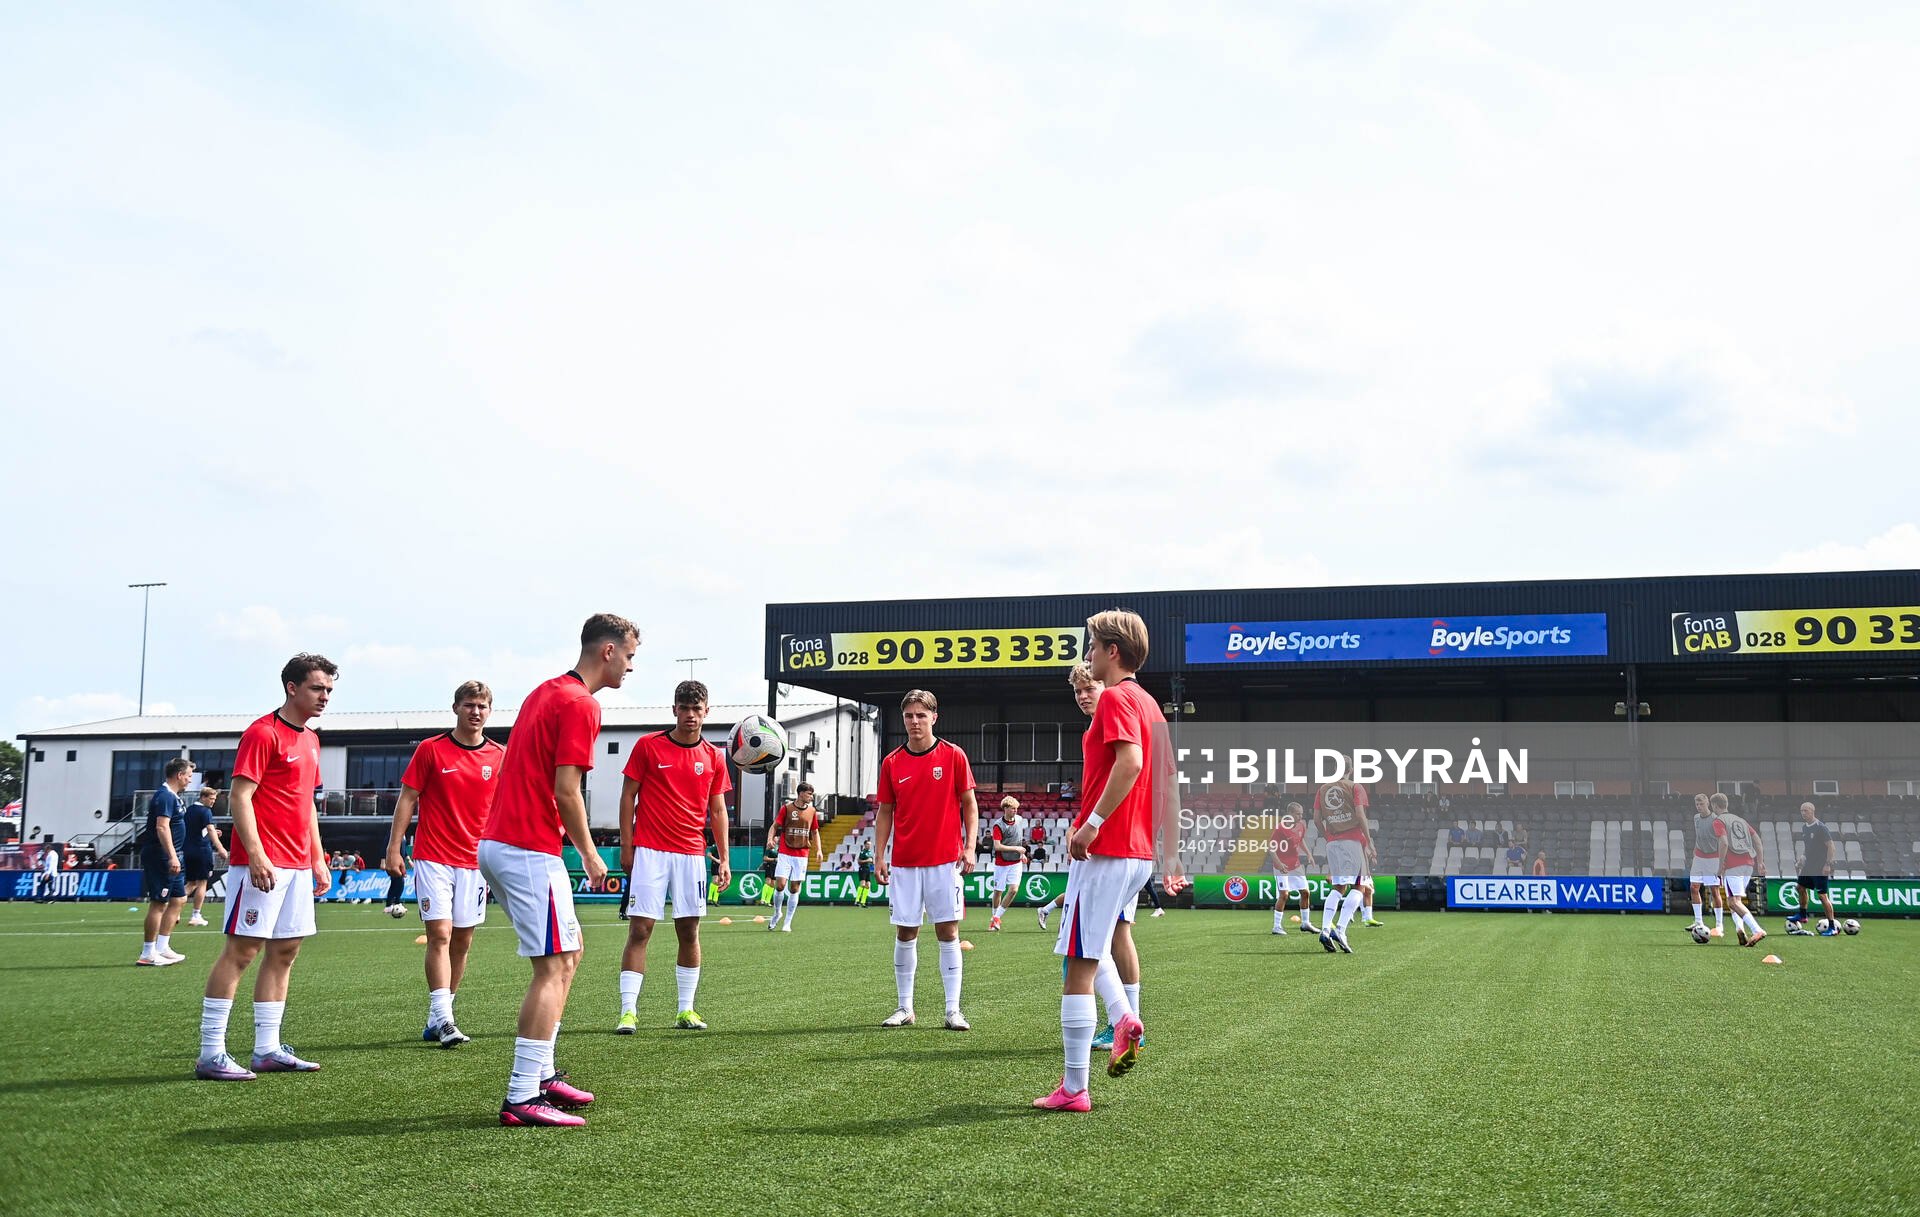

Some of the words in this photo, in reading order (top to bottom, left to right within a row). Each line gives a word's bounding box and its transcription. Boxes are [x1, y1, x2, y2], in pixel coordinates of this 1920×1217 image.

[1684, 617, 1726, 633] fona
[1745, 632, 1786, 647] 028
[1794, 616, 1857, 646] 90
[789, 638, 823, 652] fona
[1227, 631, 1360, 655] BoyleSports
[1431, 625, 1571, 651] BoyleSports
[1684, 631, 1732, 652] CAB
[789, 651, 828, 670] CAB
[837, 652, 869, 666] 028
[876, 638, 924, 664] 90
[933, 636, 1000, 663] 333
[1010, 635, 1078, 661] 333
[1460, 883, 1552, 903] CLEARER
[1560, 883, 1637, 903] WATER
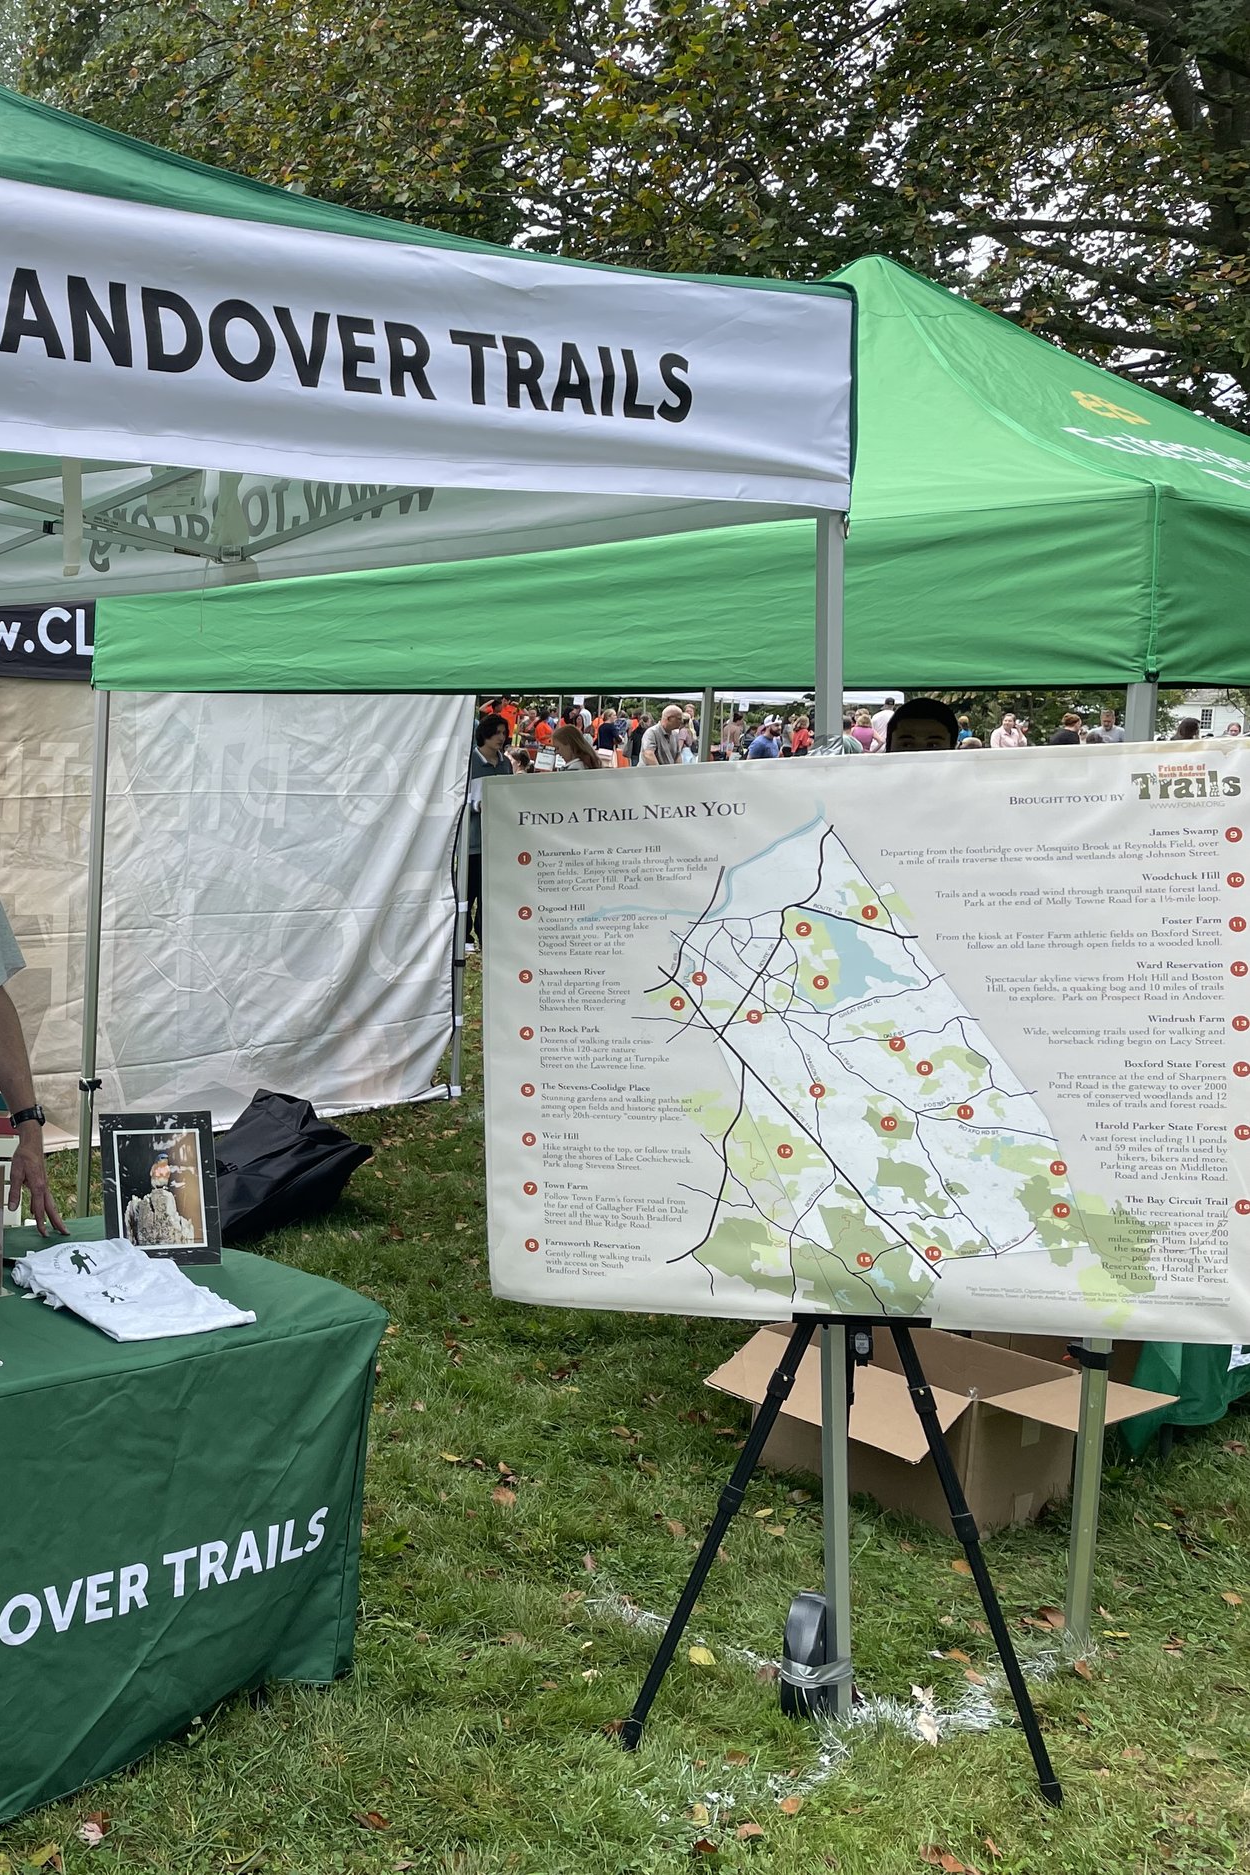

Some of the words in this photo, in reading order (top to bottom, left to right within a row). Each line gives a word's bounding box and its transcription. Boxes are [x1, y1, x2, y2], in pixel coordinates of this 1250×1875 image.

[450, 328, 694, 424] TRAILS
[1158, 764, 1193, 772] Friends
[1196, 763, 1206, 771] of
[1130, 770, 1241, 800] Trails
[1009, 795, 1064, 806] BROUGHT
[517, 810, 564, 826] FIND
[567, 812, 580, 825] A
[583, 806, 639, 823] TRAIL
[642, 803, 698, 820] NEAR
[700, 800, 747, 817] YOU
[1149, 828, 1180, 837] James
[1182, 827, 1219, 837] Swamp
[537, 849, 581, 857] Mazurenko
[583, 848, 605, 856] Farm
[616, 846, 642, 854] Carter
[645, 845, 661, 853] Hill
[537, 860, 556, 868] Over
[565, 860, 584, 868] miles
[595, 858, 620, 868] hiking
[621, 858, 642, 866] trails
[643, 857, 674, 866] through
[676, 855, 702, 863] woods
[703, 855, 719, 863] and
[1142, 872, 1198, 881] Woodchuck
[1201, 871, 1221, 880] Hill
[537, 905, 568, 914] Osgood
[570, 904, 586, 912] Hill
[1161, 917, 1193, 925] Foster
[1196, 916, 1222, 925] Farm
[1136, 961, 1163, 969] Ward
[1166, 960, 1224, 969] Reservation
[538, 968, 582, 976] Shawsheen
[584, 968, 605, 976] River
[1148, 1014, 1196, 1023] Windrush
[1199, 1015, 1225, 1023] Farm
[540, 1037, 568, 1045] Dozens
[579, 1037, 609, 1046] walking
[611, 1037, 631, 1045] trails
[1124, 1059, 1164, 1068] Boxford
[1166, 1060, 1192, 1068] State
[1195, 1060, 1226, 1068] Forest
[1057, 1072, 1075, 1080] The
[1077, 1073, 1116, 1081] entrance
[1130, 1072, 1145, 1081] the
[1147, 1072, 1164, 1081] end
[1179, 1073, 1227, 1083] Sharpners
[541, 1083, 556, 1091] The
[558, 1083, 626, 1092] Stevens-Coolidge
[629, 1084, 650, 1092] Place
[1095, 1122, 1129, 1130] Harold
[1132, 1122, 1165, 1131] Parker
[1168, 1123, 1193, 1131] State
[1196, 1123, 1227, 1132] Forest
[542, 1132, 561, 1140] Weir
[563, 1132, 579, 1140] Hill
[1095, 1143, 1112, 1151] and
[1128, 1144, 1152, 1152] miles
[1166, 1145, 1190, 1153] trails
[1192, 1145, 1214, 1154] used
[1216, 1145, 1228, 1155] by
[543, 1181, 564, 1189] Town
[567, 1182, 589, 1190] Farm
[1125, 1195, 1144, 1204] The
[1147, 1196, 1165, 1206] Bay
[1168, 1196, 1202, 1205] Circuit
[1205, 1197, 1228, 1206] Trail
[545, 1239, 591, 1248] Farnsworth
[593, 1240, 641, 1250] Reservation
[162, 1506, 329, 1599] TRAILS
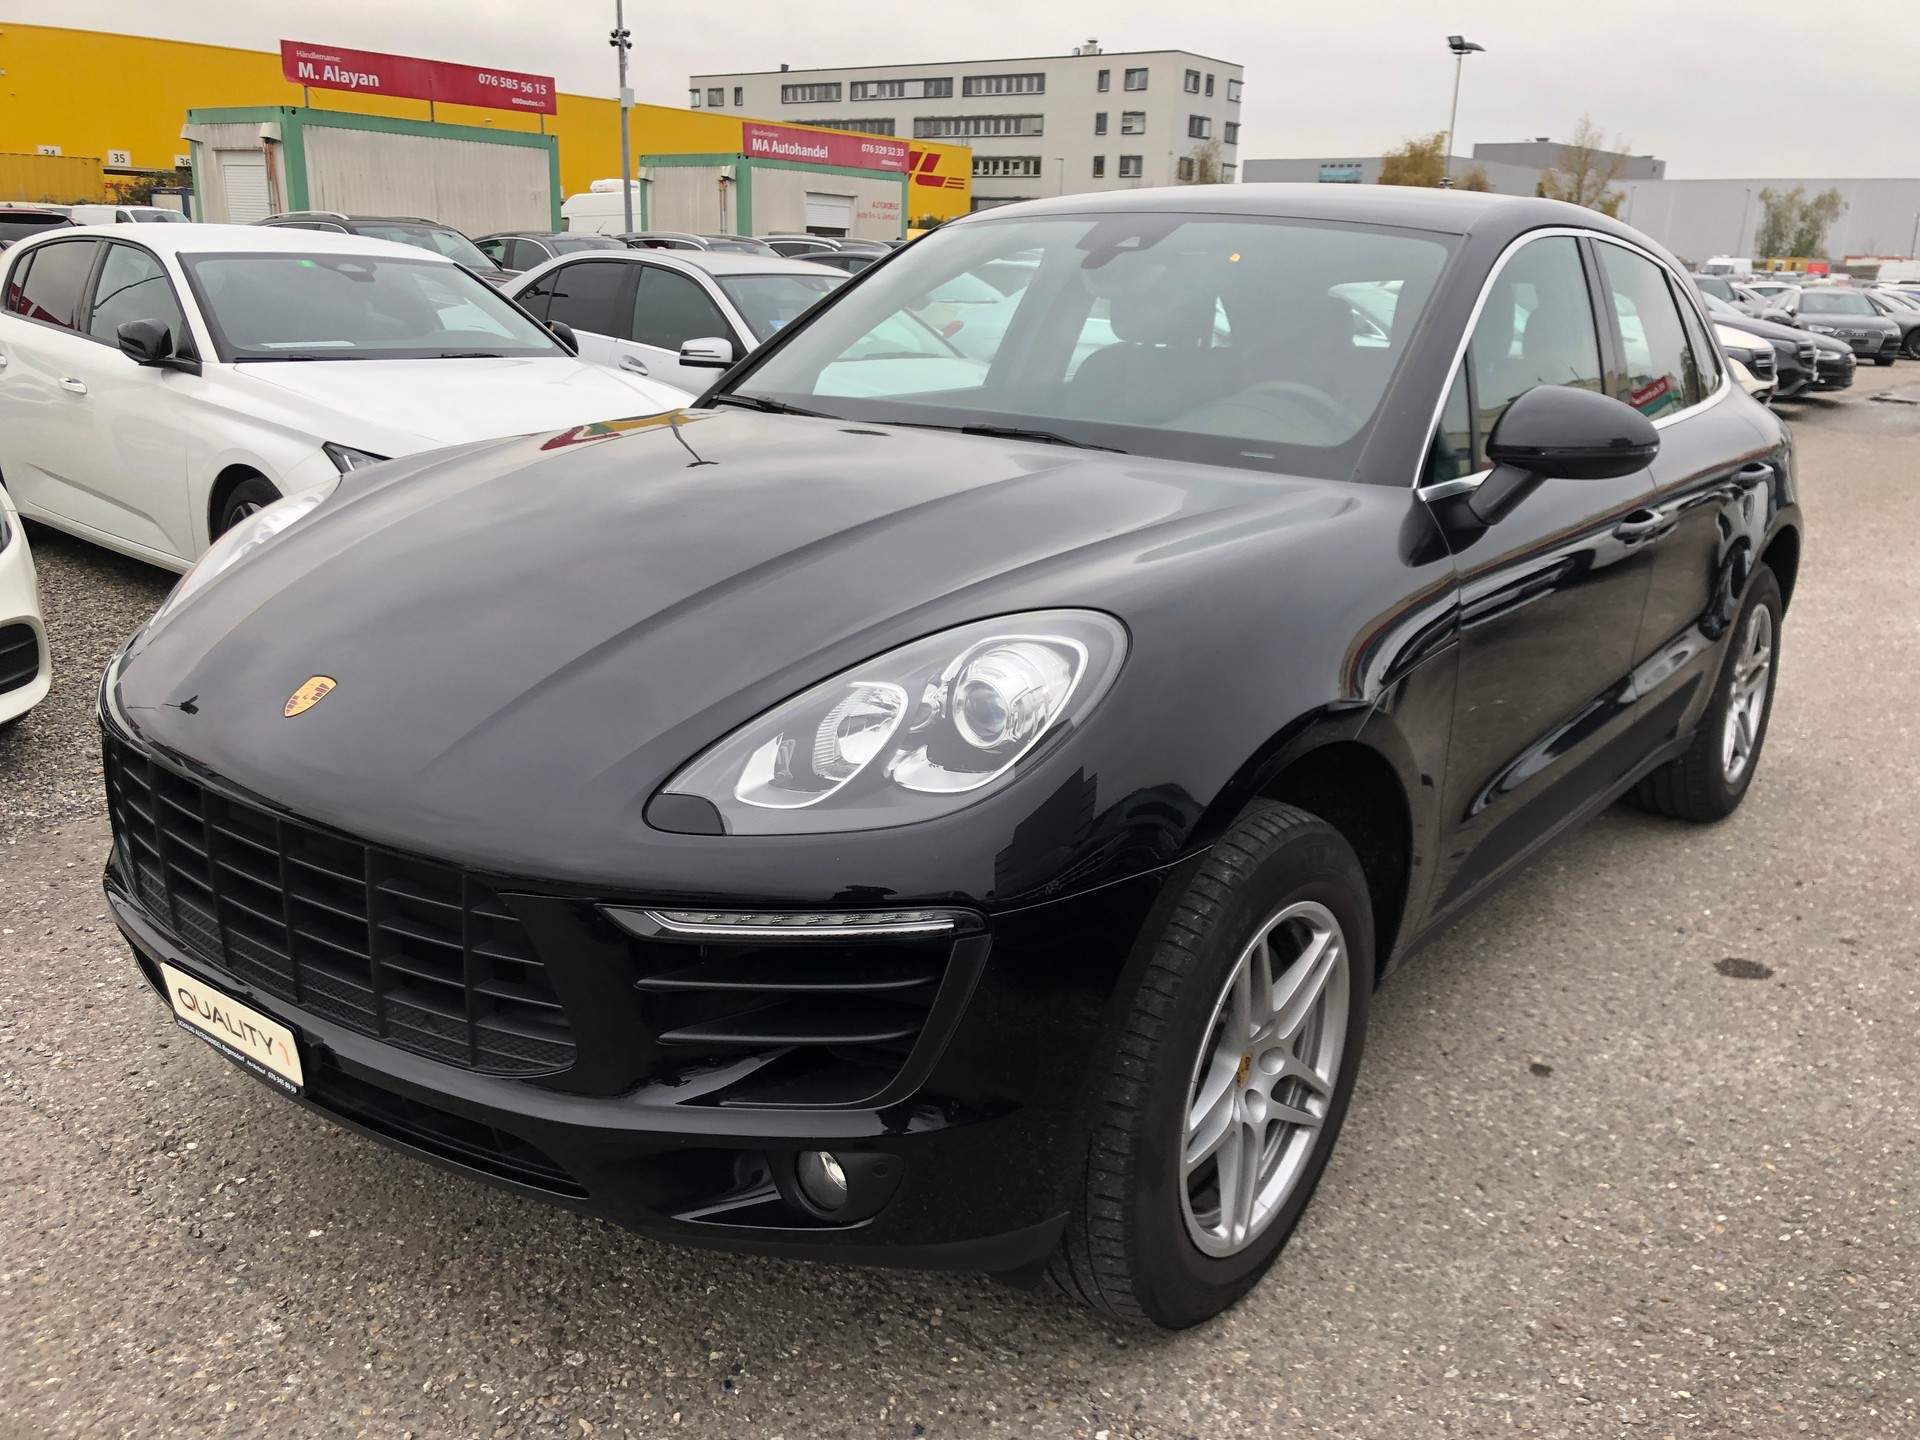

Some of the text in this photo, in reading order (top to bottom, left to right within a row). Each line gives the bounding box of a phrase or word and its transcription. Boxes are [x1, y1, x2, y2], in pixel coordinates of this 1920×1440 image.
★ ★ ★
REQUIRED ACTION: Print the material verbatim; drop the pictures.

EXERCISE OUTPUT:
Some of the words in this photo, in reading order (top to bottom, left to right within a row). Each line gives a word's bounding box and its transcription. Boxes are [x1, y1, x2, y2], in pixel coordinates of this 1920×1217 image.

[1684, 617, 1726, 633] fona
[1745, 632, 1786, 647] 028
[1794, 616, 1857, 646] 90
[789, 638, 823, 652] fona
[1227, 631, 1360, 655] BoyleSports
[1431, 625, 1571, 651] BoyleSports
[1684, 631, 1732, 652] CAB
[789, 651, 828, 670] CAB
[837, 652, 869, 666] 028
[876, 638, 924, 664] 90
[933, 636, 1000, 663] 333
[1010, 635, 1078, 661] 333
[1460, 883, 1552, 903] CLEARER
[1560, 883, 1637, 903] WATER

Some of the words in this photo, in reading order (top to bottom, left to right within a row). Each line gives a word's bounding box and its transcription. Boxes are [x1, y1, x2, y2], in pixel coordinates of this 1250×1875 image.

[450, 328, 694, 424] TRAILS
[1158, 764, 1193, 772] Friends
[1196, 763, 1206, 771] of
[1130, 770, 1241, 800] Trails
[1009, 795, 1064, 806] BROUGHT
[517, 810, 564, 826] FIND
[567, 812, 580, 825] A
[583, 806, 639, 823] TRAIL
[642, 803, 698, 820] NEAR
[700, 800, 747, 817] YOU
[1149, 828, 1180, 837] James
[1182, 827, 1219, 837] Swamp
[537, 849, 581, 857] Mazurenko
[583, 848, 605, 856] Farm
[616, 846, 642, 854] Carter
[645, 845, 661, 853] Hill
[537, 860, 556, 868] Over
[565, 860, 584, 868] miles
[595, 858, 620, 868] hiking
[621, 858, 642, 866] trails
[643, 857, 674, 866] through
[676, 855, 702, 863] woods
[703, 855, 719, 863] and
[1142, 872, 1198, 881] Woodchuck
[1201, 871, 1221, 880] Hill
[537, 905, 568, 914] Osgood
[570, 904, 586, 912] Hill
[1161, 917, 1193, 925] Foster
[1196, 916, 1222, 925] Farm
[1136, 961, 1163, 969] Ward
[1166, 960, 1224, 969] Reservation
[538, 968, 582, 976] Shawsheen
[584, 968, 605, 976] River
[1148, 1014, 1196, 1023] Windrush
[1199, 1015, 1225, 1023] Farm
[540, 1037, 568, 1045] Dozens
[579, 1037, 609, 1046] walking
[611, 1037, 631, 1045] trails
[1124, 1059, 1164, 1068] Boxford
[1166, 1060, 1192, 1068] State
[1195, 1060, 1226, 1068] Forest
[1057, 1072, 1075, 1080] The
[1077, 1073, 1116, 1081] entrance
[1130, 1072, 1145, 1081] the
[1147, 1072, 1164, 1081] end
[1179, 1073, 1227, 1083] Sharpners
[541, 1083, 556, 1091] The
[558, 1083, 626, 1092] Stevens-Coolidge
[629, 1084, 650, 1092] Place
[1095, 1122, 1129, 1130] Harold
[1132, 1122, 1165, 1131] Parker
[1168, 1123, 1193, 1131] State
[1196, 1123, 1227, 1132] Forest
[542, 1132, 561, 1140] Weir
[563, 1132, 579, 1140] Hill
[1095, 1143, 1112, 1151] and
[1128, 1144, 1152, 1152] miles
[1166, 1145, 1190, 1153] trails
[1192, 1145, 1214, 1154] used
[1216, 1145, 1228, 1155] by
[543, 1181, 564, 1189] Town
[567, 1182, 589, 1190] Farm
[1125, 1195, 1144, 1204] The
[1147, 1196, 1165, 1206] Bay
[1168, 1196, 1202, 1205] Circuit
[1205, 1197, 1228, 1206] Trail
[545, 1239, 591, 1248] Farnsworth
[593, 1240, 641, 1250] Reservation
[162, 1506, 329, 1599] TRAILS

Some of the text in this photo, in reading order (top to bottom, left to right within a row). Each line gives the bounding box of a phrase or word and its transcription. Boxes are [x1, y1, x2, y2], in pixel coordinates of this 1920×1440 image.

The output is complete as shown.